Assigned task
Transcribe each record exactly, but omit pictures.

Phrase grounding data

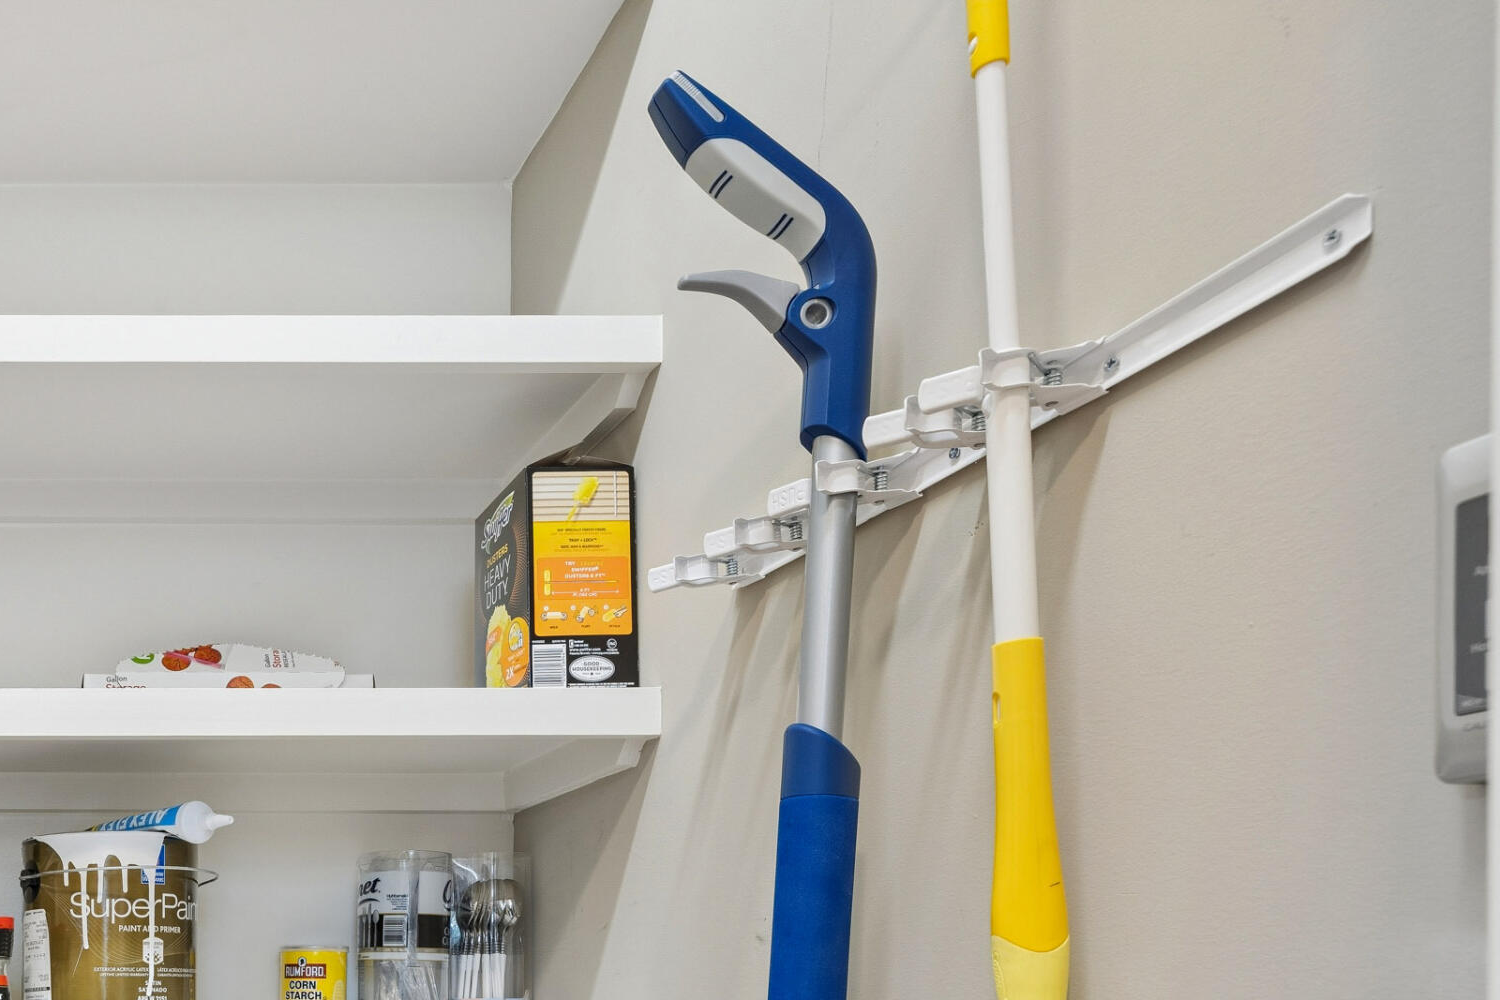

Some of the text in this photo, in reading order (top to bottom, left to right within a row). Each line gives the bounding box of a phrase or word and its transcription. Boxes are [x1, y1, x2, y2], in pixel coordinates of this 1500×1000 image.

[484, 554, 512, 592] HEAVY
[485, 576, 509, 610] DUTY
[118, 924, 142, 932] PAINT
[160, 925, 181, 934] PRIMER
[285, 966, 324, 977] RUMFORD
[289, 980, 316, 990] CORN
[285, 991, 322, 1000] STARCH
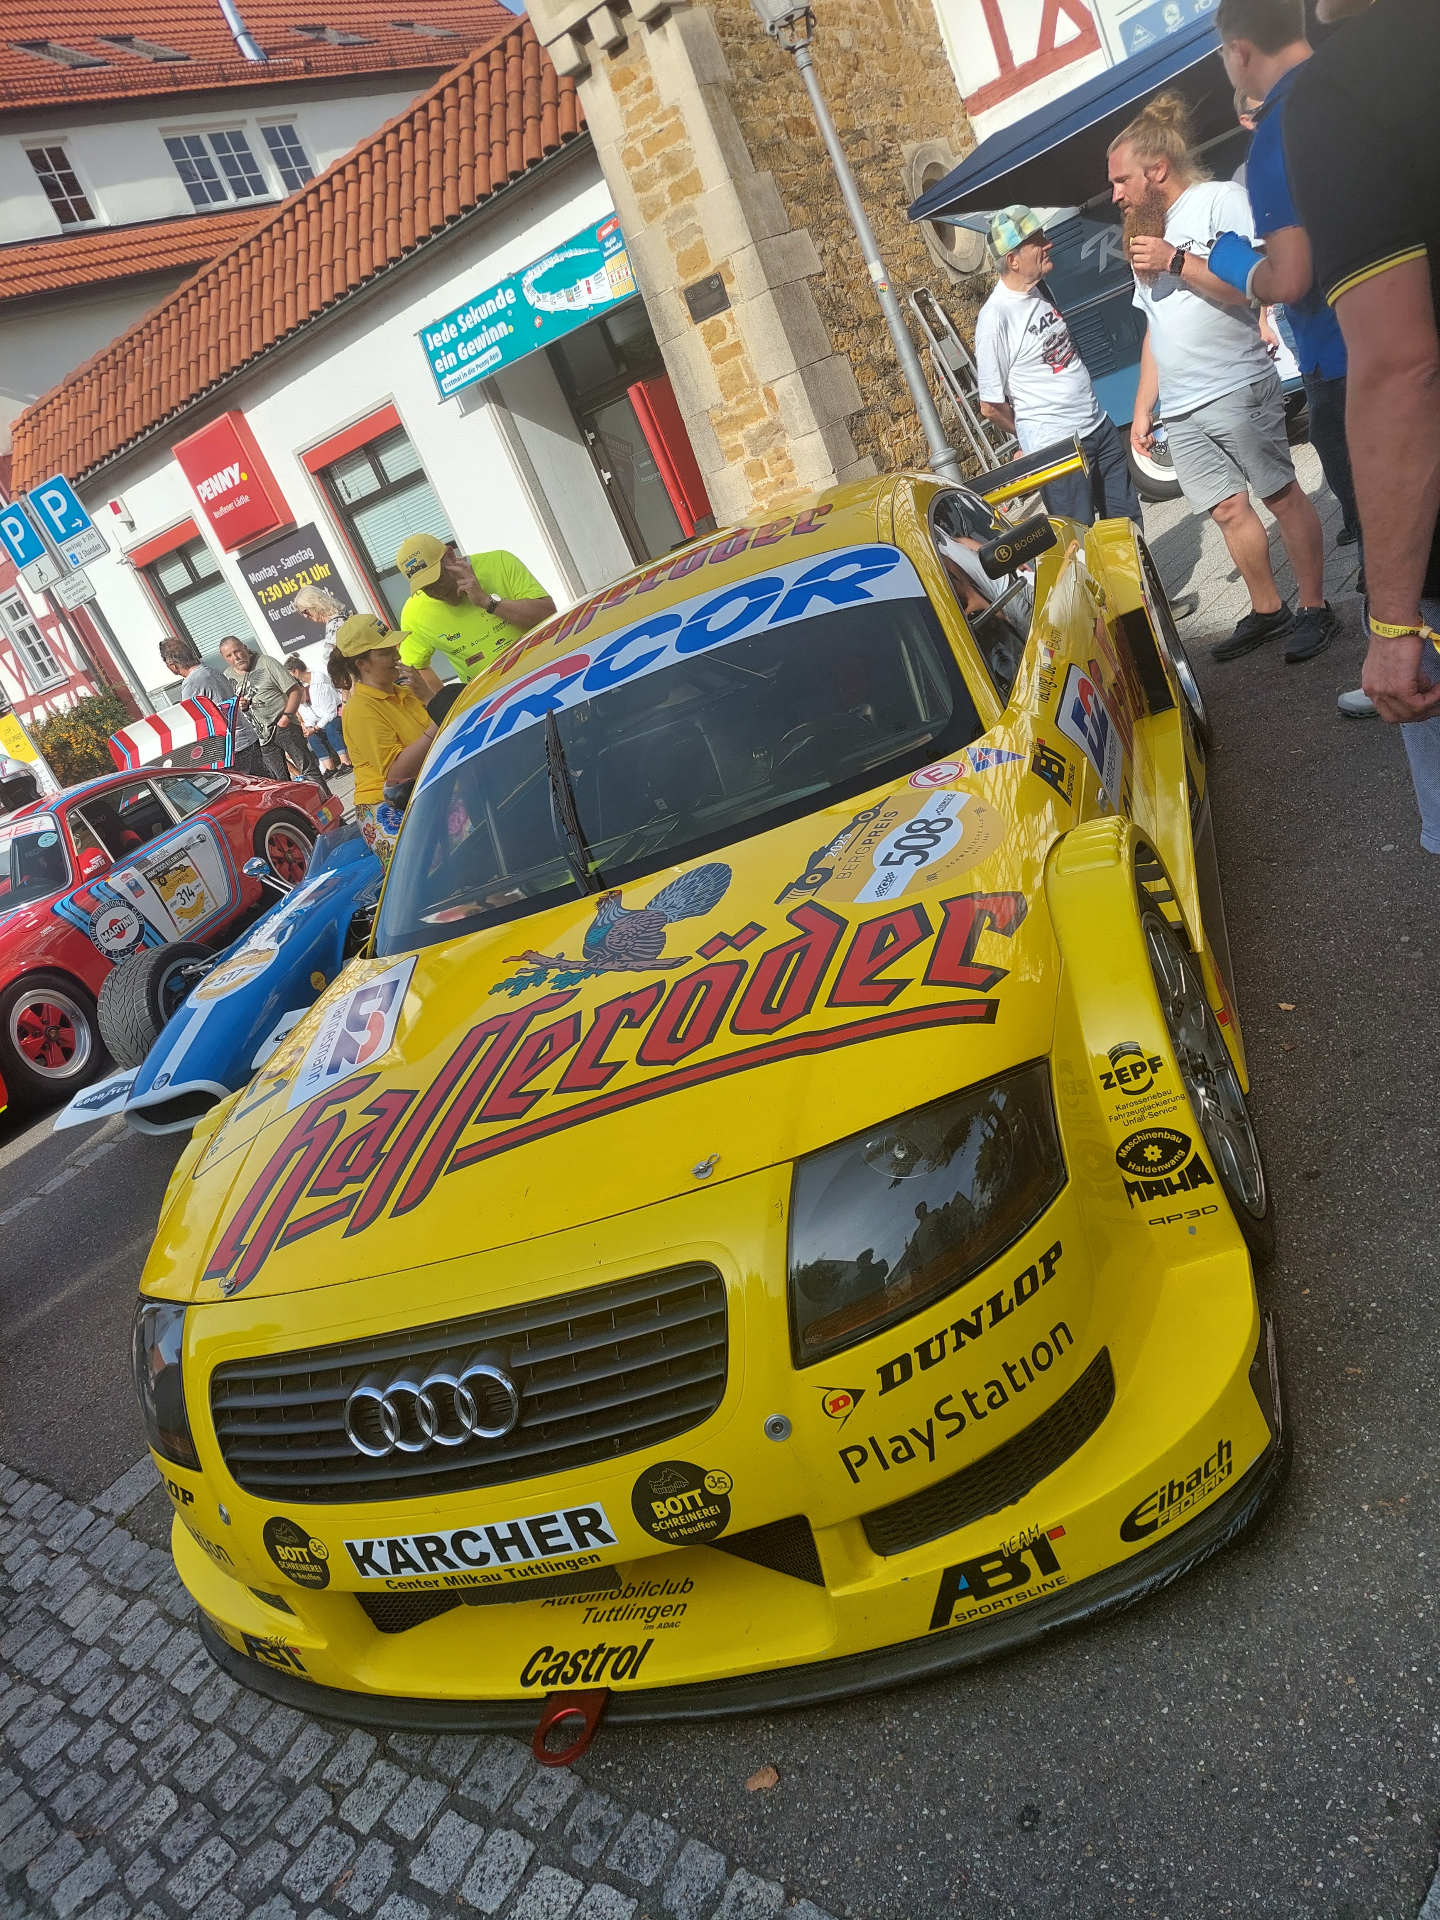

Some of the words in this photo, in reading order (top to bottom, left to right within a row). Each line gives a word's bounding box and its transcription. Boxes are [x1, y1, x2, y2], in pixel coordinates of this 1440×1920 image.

[426, 322, 458, 351] Jede
[457, 287, 516, 333] Sekunde
[434, 350, 458, 373] ein
[457, 321, 514, 360] Gewinn.
[443, 374, 463, 389] Erstmal
[467, 366, 476, 376] die
[475, 358, 490, 373] Penny
[489, 350, 500, 365] App
[39, 489, 68, 535] P
[212, 502, 235, 519] Neuffener
[234, 493, 250, 508] Lädle
[0, 516, 26, 559] P
[83, 542, 102, 558] Stunden
[1013, 526, 1048, 552] BOGNER
[248, 563, 277, 585] Montag
[280, 547, 314, 570] Samstag
[257, 587, 282, 605] 7:30
[281, 577, 299, 595] bis
[296, 572, 312, 589] 21
[311, 563, 331, 582] Uhr
[268, 607, 280, 622] für
[414, 546, 901, 797] ARCOR
[922, 769, 954, 784] E
[1031, 743, 1072, 808] ABT
[1066, 762, 1076, 799] SPORTSLINE
[824, 833, 853, 858] 2025
[836, 810, 900, 880] BERGPREIS
[879, 817, 954, 867] 508
[83, 860, 100, 875] Mobil
[146, 867, 158, 879] ADAC
[176, 886, 196, 906] 314
[91, 900, 128, 924] INTERNATIONAL
[131, 907, 145, 925] CLUB
[90, 925, 108, 955] MARTINI
[100, 914, 135, 944] MARTINI
[306, 996, 350, 1087] mannesmann
[1099, 1055, 1164, 1091] ZEPF
[200, 891, 1030, 1297] Hasseröder
[1108, 1093, 1186, 1123] Fahrzeuglackierung
[1114, 1088, 1172, 1112] Karosseriebau
[1122, 1105, 1178, 1127] Unfall-Service
[1118, 1131, 1183, 1159] Maschinenbau
[1127, 1149, 1186, 1174] Haldenwang
[1120, 1151, 1215, 1210] MAHA
[875, 1240, 1063, 1397] DUNLOP
[828, 1394, 851, 1415] D
[837, 1320, 1075, 1485] PlayStation
[706, 1474, 728, 1490] 35
[1119, 1438, 1233, 1543] Eibach
[1156, 1460, 1233, 1529] FEDERN
[650, 1488, 704, 1519] BOTT
[651, 1504, 721, 1532] SCHREINEREI
[344, 1507, 617, 1577] KÄRCHER
[667, 1531, 679, 1540] in
[679, 1520, 717, 1536] Neuffen
[1000, 1523, 1042, 1558] TEAM
[275, 1544, 311, 1563] BOTT
[310, 1540, 326, 1557] 35
[278, 1560, 323, 1573] SCHREINEREI
[297, 1572, 322, 1581] Neuffen
[385, 1574, 441, 1590] Center
[443, 1570, 503, 1587] Milkau
[504, 1552, 602, 1578] Tuttlingen
[927, 1530, 1063, 1632] ABT
[954, 1574, 1070, 1623] SPORTSLINE
[582, 1603, 688, 1625] Tuttlingen
[656, 1621, 681, 1630] ADAC
[240, 1631, 308, 1673] ABT
[520, 1638, 655, 1688] Castrol

Answer space
Some of the text in this photo, in reading order (top to bottom, left to right within a row). Each line gives the bounding box of a phrase or word and its transcription. Boxes are [x1, y1, x2, y2], in pixel coordinates of this 1500×1000 image.

[484, 554, 512, 592] HEAVY
[485, 576, 509, 610] DUTY
[118, 924, 142, 932] PAINT
[160, 925, 181, 934] PRIMER
[285, 966, 324, 977] RUMFORD
[289, 980, 316, 990] CORN
[285, 991, 322, 1000] STARCH

Some of the words in this photo, in reading order (top to bottom, left to right within a row). Each line gives a word's bounding box and its transcription. Boxes are [x1, y1, x2, y2], in pixel coordinates of this 1440×1920 image.

[426, 322, 458, 351] Jede
[457, 287, 516, 333] Sekunde
[434, 350, 458, 373] ein
[457, 321, 514, 360] Gewinn.
[443, 374, 463, 389] Erstmal
[467, 366, 476, 376] die
[475, 358, 490, 373] Penny
[489, 350, 500, 365] App
[39, 489, 68, 535] P
[212, 502, 235, 519] Neuffener
[234, 493, 250, 508] Lädle
[0, 516, 26, 559] P
[83, 542, 102, 558] Stunden
[1013, 526, 1048, 552] BOGNER
[248, 563, 277, 585] Montag
[280, 547, 314, 570] Samstag
[257, 587, 282, 605] 7:30
[281, 577, 299, 595] bis
[296, 572, 312, 589] 21
[311, 563, 331, 582] Uhr
[268, 607, 280, 622] für
[414, 546, 901, 797] ARCOR
[922, 769, 954, 784] E
[1031, 743, 1072, 808] ABT
[1066, 762, 1076, 799] SPORTSLINE
[824, 833, 853, 858] 2025
[836, 810, 900, 880] BERGPREIS
[879, 817, 954, 867] 508
[83, 860, 100, 875] Mobil
[146, 867, 158, 879] ADAC
[176, 886, 196, 906] 314
[91, 900, 128, 924] INTERNATIONAL
[131, 907, 145, 925] CLUB
[90, 925, 108, 955] MARTINI
[100, 914, 135, 944] MARTINI
[306, 996, 350, 1087] mannesmann
[1099, 1055, 1164, 1091] ZEPF
[200, 891, 1030, 1297] Hasseröder
[1108, 1093, 1186, 1123] Fahrzeuglackierung
[1114, 1088, 1172, 1112] Karosseriebau
[1122, 1105, 1178, 1127] Unfall-Service
[1118, 1131, 1183, 1159] Maschinenbau
[1127, 1149, 1186, 1174] Haldenwang
[1120, 1151, 1215, 1210] MAHA
[875, 1240, 1063, 1397] DUNLOP
[828, 1394, 851, 1415] D
[837, 1320, 1075, 1485] PlayStation
[706, 1474, 728, 1490] 35
[1119, 1438, 1233, 1543] Eibach
[1156, 1460, 1233, 1529] FEDERN
[650, 1488, 704, 1519] BOTT
[651, 1504, 721, 1532] SCHREINEREI
[344, 1507, 617, 1577] KÄRCHER
[667, 1531, 679, 1540] in
[679, 1520, 717, 1536] Neuffen
[1000, 1523, 1042, 1558] TEAM
[275, 1544, 311, 1563] BOTT
[310, 1540, 326, 1557] 35
[278, 1560, 323, 1573] SCHREINEREI
[297, 1572, 322, 1581] Neuffen
[385, 1574, 441, 1590] Center
[443, 1570, 503, 1587] Milkau
[504, 1552, 602, 1578] Tuttlingen
[927, 1530, 1063, 1632] ABT
[954, 1574, 1070, 1623] SPORTSLINE
[582, 1603, 688, 1625] Tuttlingen
[656, 1621, 681, 1630] ADAC
[240, 1631, 308, 1673] ABT
[520, 1638, 655, 1688] Castrol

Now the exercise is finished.